**REQUIRED WORK:**
Everything in the listing should be transcribed exactly, apart from the pictures.

**EXTRACTED ENTRIES:**
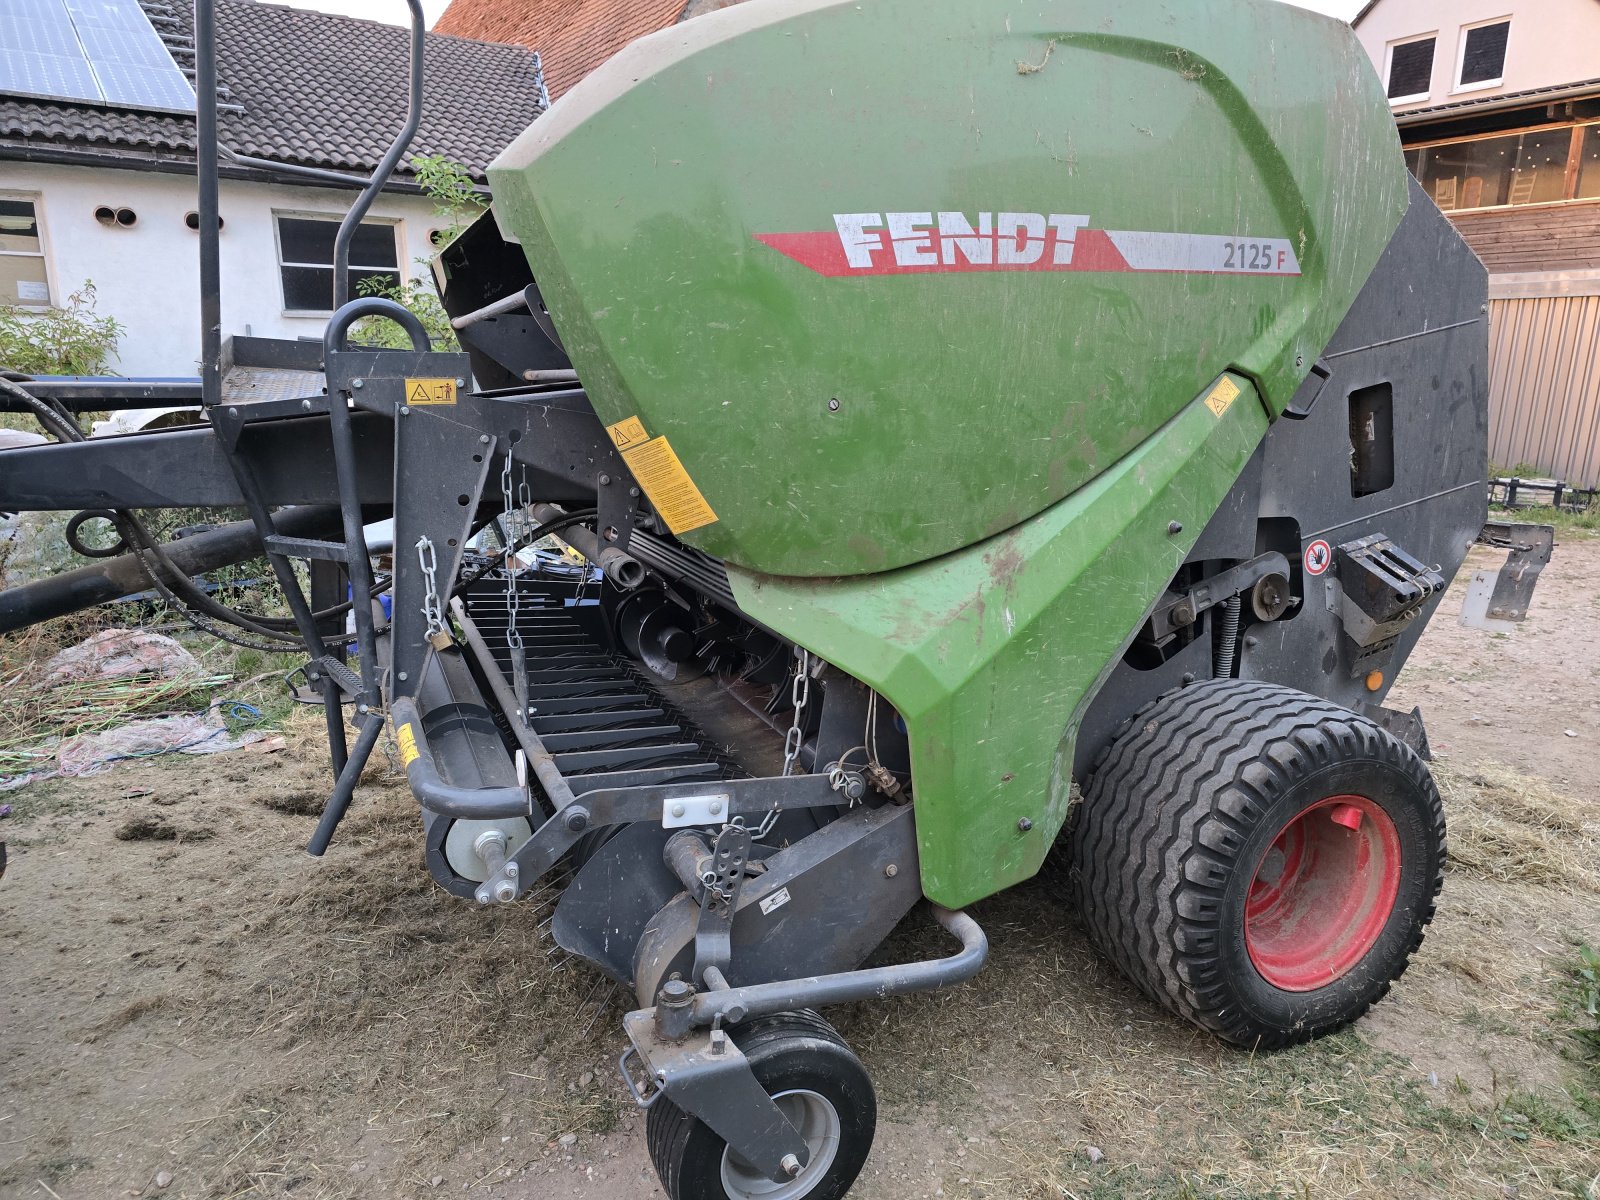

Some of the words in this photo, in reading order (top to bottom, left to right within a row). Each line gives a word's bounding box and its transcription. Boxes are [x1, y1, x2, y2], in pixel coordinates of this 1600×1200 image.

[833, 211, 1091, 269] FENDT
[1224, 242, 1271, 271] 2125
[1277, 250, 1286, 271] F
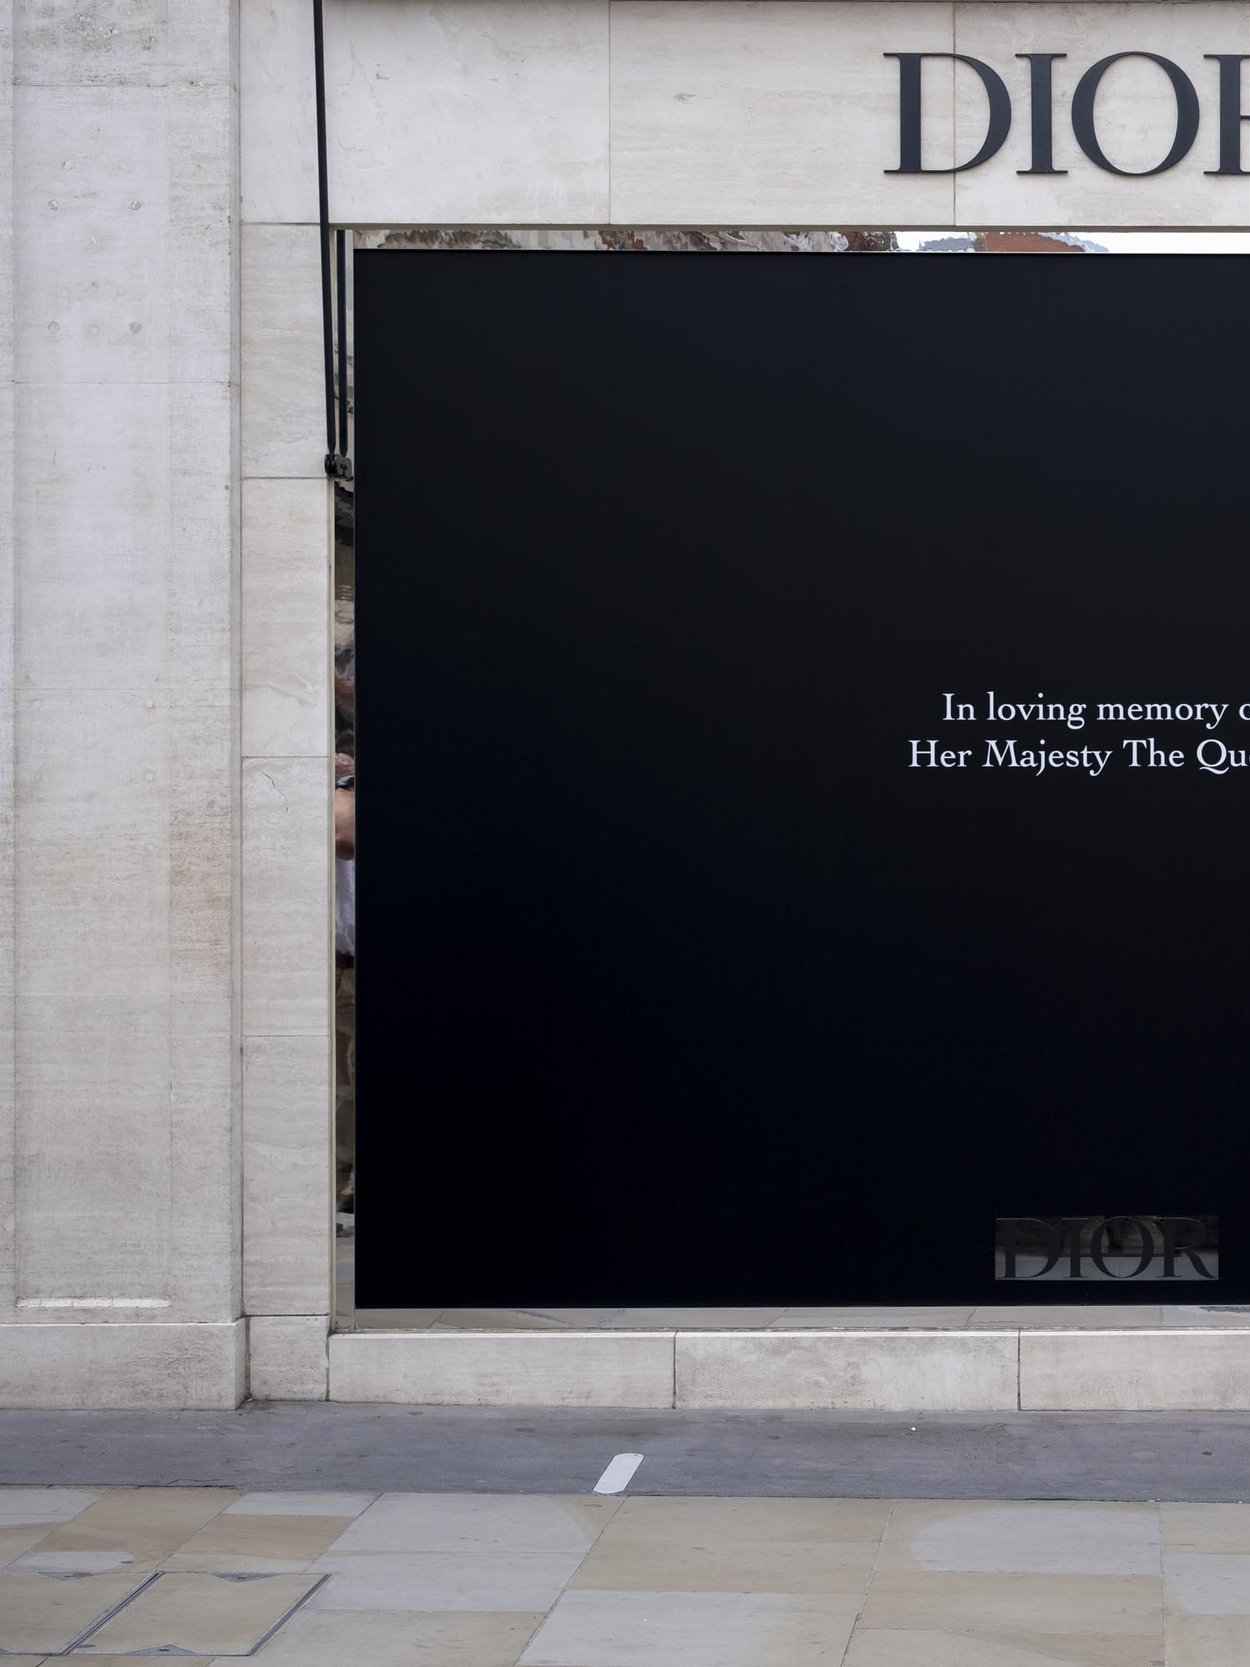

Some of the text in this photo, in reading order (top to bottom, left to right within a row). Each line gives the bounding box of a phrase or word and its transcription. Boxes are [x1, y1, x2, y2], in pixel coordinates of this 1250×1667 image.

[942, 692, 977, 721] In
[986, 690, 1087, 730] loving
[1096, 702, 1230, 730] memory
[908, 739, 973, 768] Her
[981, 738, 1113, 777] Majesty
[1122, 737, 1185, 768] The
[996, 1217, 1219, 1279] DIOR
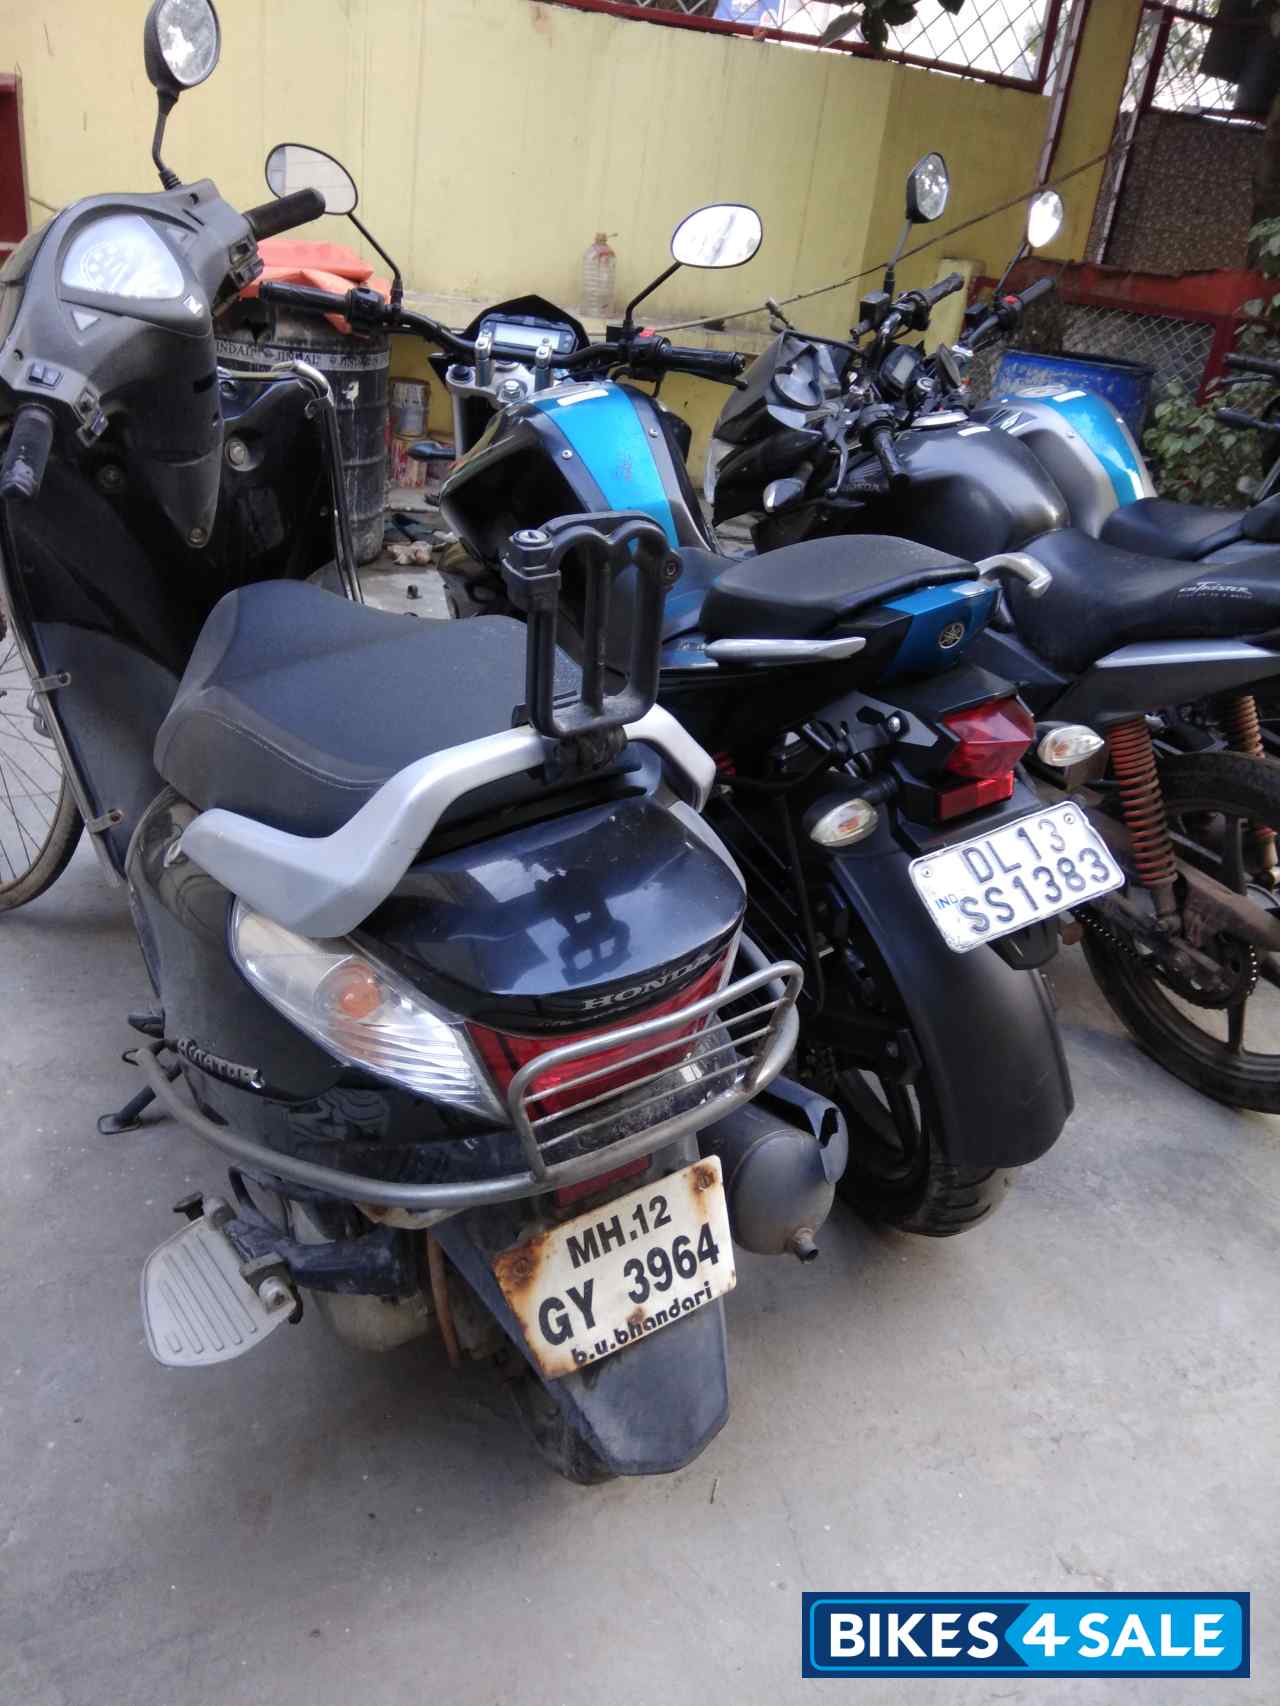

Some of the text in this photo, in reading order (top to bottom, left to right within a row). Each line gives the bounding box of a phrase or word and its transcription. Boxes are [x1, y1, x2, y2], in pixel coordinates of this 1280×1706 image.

**WRITTEN SOLUTION:**
Some of the words in this photo, in reading order (top to bottom, left to right within a row). Each line gives a word's bounding box and its transcription. Boxes are [x1, y1, x2, y2], in pixel coordinates of this 1600×1200 image.

[833, 211, 1091, 269] FENDT
[1224, 242, 1271, 271] 2125
[1277, 250, 1286, 271] F

Some of the text in this photo, in reading order (top to bottom, left to right within a row). Each line gives the bounding box of a phrase or word and its transcription. Boxes are [x1, y1, x2, y2], in pixel coordinates of this 1250×1667 image.

[942, 692, 977, 721] In
[986, 690, 1087, 730] loving
[1096, 702, 1230, 730] memory
[908, 739, 973, 768] Her
[981, 738, 1113, 777] Majesty
[1122, 737, 1185, 768] The
[996, 1217, 1219, 1279] DIOR

Some of the text in this photo, in reading order (top to bottom, left to right within a row). Each line gives the bounding box of a phrase or word and its transcription. Boxes are [x1, y1, x2, y2], in pixel coordinates of this 1280×1706 image.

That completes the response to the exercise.